Automated Determination of Steroids in Urine of Food-Producing Animals

Significance of the Topic

The illegal use of steroids as growth promoters in food-producing animals is strictly prohibited in the European Union and requires monitoring under national residue control plans. Analytical challenges such as matrix interferences in urine demand efficient sample cleanup to ensure accurate LC–MS/MS or HPLC–HRMS measurements. High sample throughput in official laboratories highlights the need for automated methods that maintain performance while reducing hands-on time.

Objectives and Study Overview

This application note describes development and validation of an automated dual solid phase extraction workflow for the determination of ten synthetic and endogenous steroids in animal urine.
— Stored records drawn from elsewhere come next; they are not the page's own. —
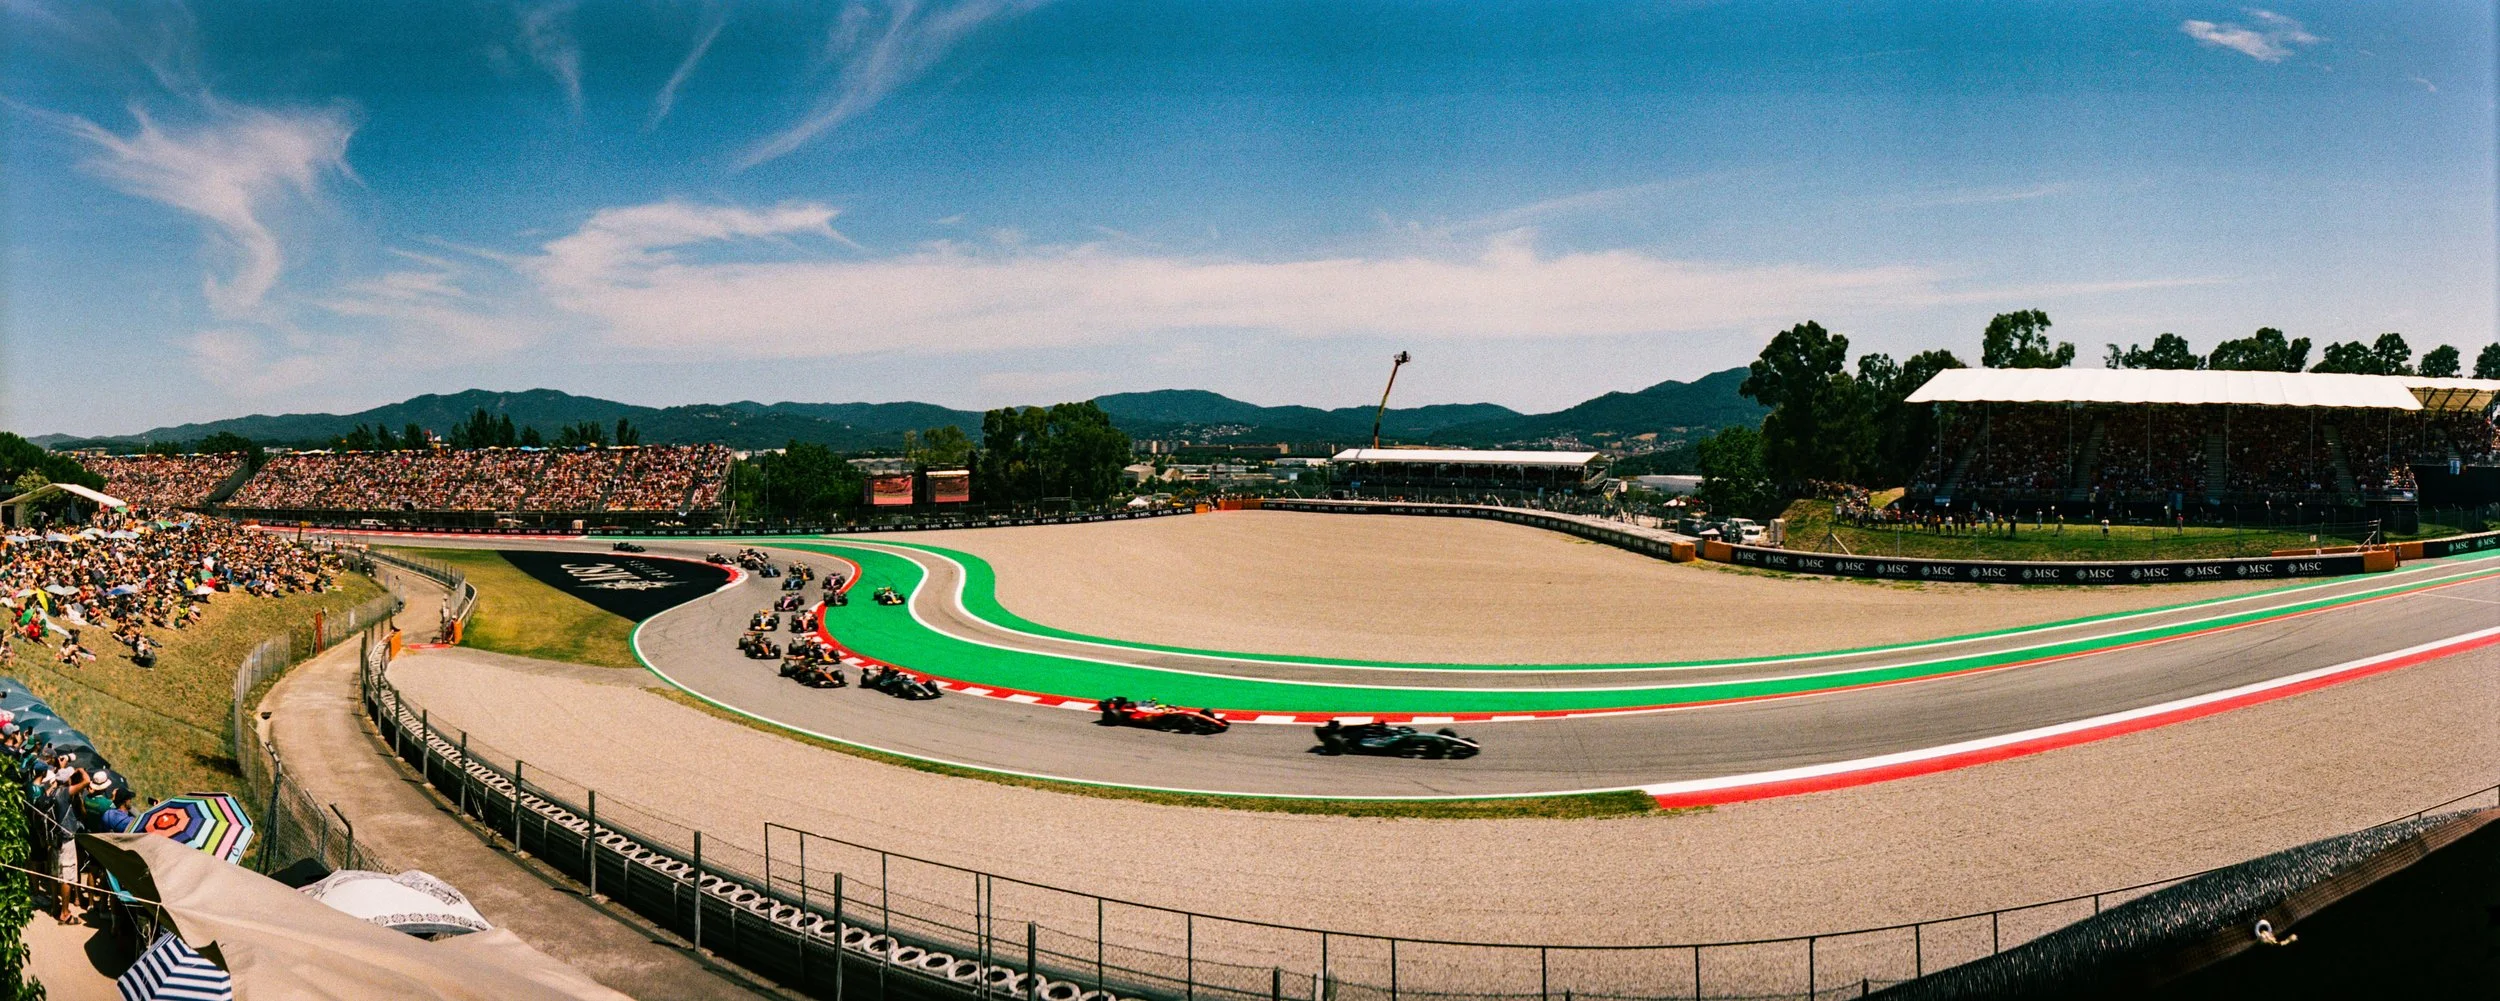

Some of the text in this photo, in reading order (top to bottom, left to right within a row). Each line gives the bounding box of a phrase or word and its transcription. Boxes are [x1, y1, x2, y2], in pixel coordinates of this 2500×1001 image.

[2455, 541, 2469, 549] MSC
[2483, 537, 2496, 546] MSC
[1772, 555, 1788, 565] MSC
[1806, 559, 1824, 568] MSC
[1845, 562, 1865, 571] MSC
[1886, 564, 1908, 573] MSC
[1932, 566, 1955, 575] MSC
[2197, 566, 2221, 575] MSC
[2249, 564, 2273, 573] MSC
[2299, 562, 2322, 571] MSC
[1982, 568, 2006, 577] MSC
[2034, 569, 2059, 578] MSC
[2089, 569, 2114, 578] MSC
[2143, 568, 2169, 577] MSC
The method aims to meet EU decision 2002/657/EC requirements for detection limits and recoveries, while enabling efficient processing of large sample numbers.
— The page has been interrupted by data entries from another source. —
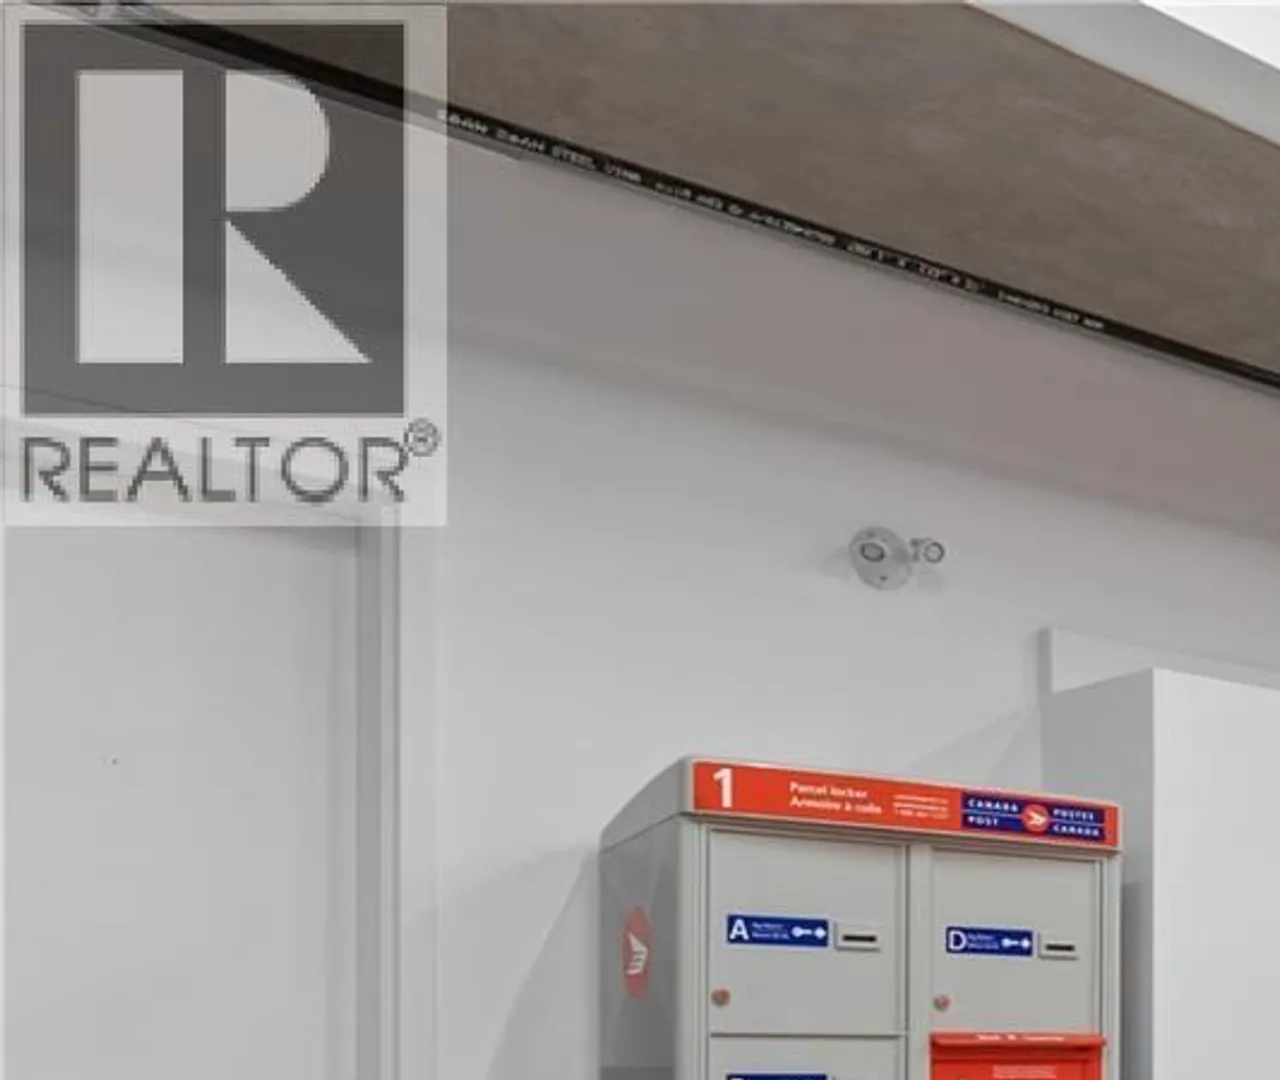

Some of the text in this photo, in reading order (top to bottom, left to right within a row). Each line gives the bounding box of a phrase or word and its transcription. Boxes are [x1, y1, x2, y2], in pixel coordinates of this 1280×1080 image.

[713, 767, 733, 808] 1
[967, 798, 1019, 813] CANADA
[967, 815, 999, 827] POST
[1053, 808, 1095, 821] POSTES
[1053, 823, 1100, 837] CANADA
[729, 918, 750, 940] A
[948, 930, 967, 950] D
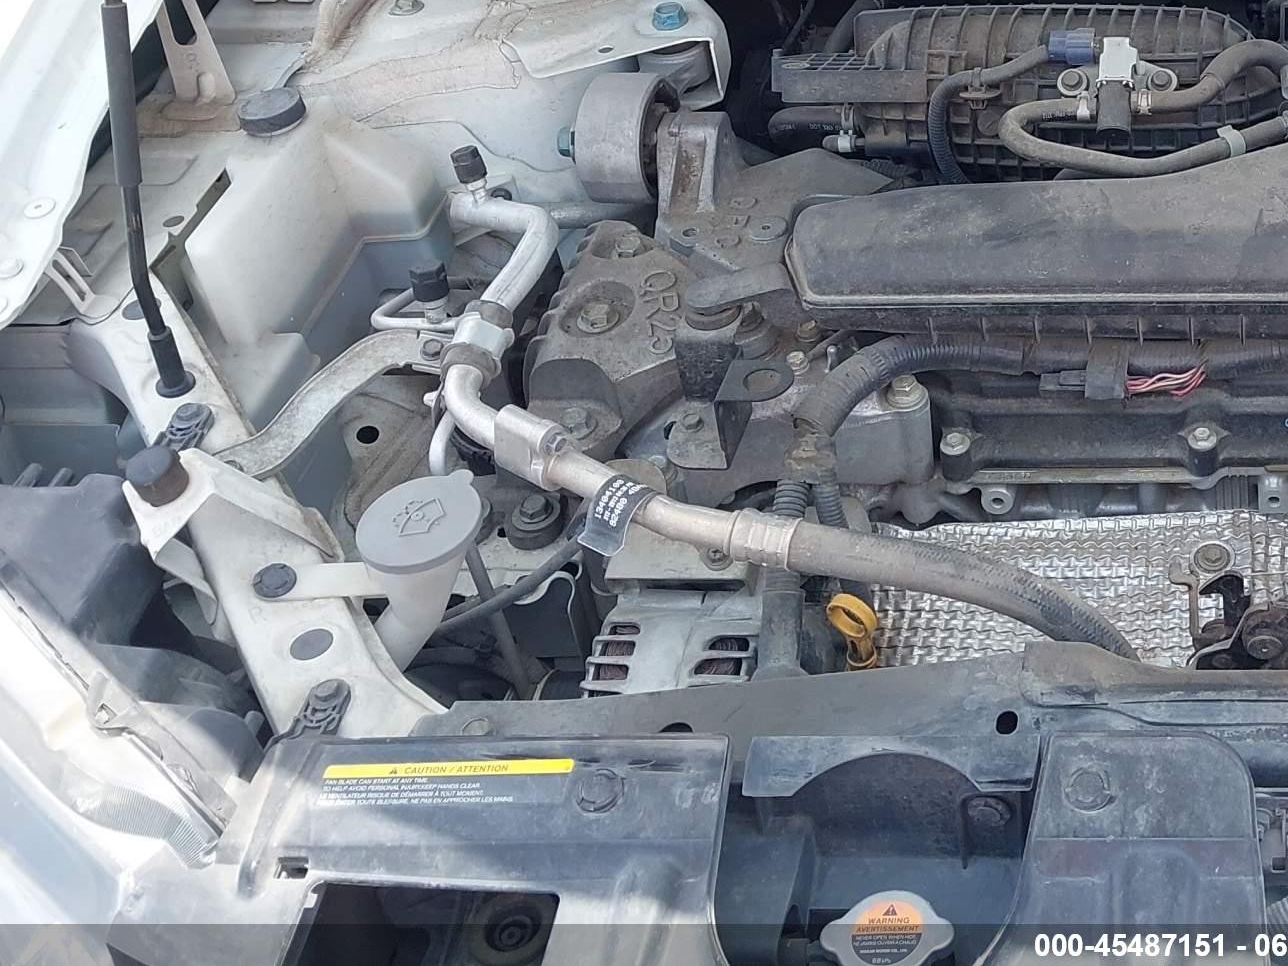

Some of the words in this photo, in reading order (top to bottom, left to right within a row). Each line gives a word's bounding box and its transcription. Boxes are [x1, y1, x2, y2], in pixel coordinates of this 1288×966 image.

[639, 269, 682, 355] QR25
[404, 766, 447, 774] CAUTION
[456, 764, 510, 773] ATTENTION
[856, 925, 920, 933] AVERTISSEMENT
Methodology and Instrumentation

Sample Pretreatment:

• Centrifugation to remove particulates.
• Enzymatic hydrolysis with glucuronidase/arylsulfatase in sodium acetate buffer (pH 5.2), overnight incubation at 37 °C.

Solid Phase Extraction:

• Dual SPE cleanup using CHROMABOND® HR-X (200 mg) for initial removal of matrix components, followed by CHROMABOND® NH2 (500 mg) for final purification.
• Manual protocol adapted to LCTech FREESTYLE SPE robotic system for automation of conditioning, loading, washing and elution steps.

Reconstitution and Analysis:

• Drying of extracts under nitrogen, reconstitution in 0.1% formic acid acetonitrile/water (10/90).
• Chromatographic separation on a Phenomenex Luna C18(2) column (150 × 2.0 mm, 3 µm) with gradient elution over 20 min at 0.2 mL/min and 30 °C.
• Detection by HPLC–MS/MS on an Agilent 1290 Infinity/6495 system with positive ESI and MRM transitions for each analyte and deuterated internal standards.

Instrumentation Details:

• LCTech FREESTYLE SPE system with dual column racks, solvent delivery, plungers, and software wizards for automated SPE.
• Agilent 6495 Triple Quadrupole with ESI source (gas temperature 200 °C, sheath gas 380 °C, capillary voltage 3000 V).

Main Results and Discussion

Recovery studies at concentrations below 1 µg/kg demonstrated compliance with EU requirements, with recoveries within –50% to +20% deviation from target. Reproducibility testing on ten urine samples processed manually versus automated SPE showed relative standard deviations of 16–21% for automated cleanup compared to 22–39% manually. Automated processing yielded slightly improved precision and consistent peak area mean values.

Benefits and Practical Applications of the Method

• High throughput sample cleanup reduces labor and time per sample.
• Improved reproducibility and method robustness through reduced operator variability.
• Flexibility to adapt to other analytes by modifying SPE protocols via software wizards.
• Compliance with regulatory limits for steroid residues ensures reliable enforcement in food safety monitoring.

Future Trends and Potential Applications

• Integration with high-resolution mass spectrometry for expanded analyte panels and enhanced confirmation.
• Miniaturization of SPE formats to reduce solvent consumption and waste.
• Incorporation of real-time monitoring and data analytics for workflow optimization.
• Extension to other complex biological matrices such as serum or tissues.

Conclusion

Automated dual SPE on the FREESTYLE platform delivers equivalent or improved recovery and reproducibility compared to manual protocols, supporting high-throughput steroid screening in animal urine. The method meets stringent EU requirements and provides a scalable solution for official control laboratories.

References

• Confirmatory Method for the Determination of Steroids in Bovine Urine by LC–MS/MS; Bundesamt für Verbraucherschutz und Lebensmittelsicherheit; 2011.
• Polemans S., De Wasch K., Noppe H., et al.; Endogenous occurrence of some anabolic steroids in swine matrices; Food Additives and Contaminants; 2005; 22(9): 808–815.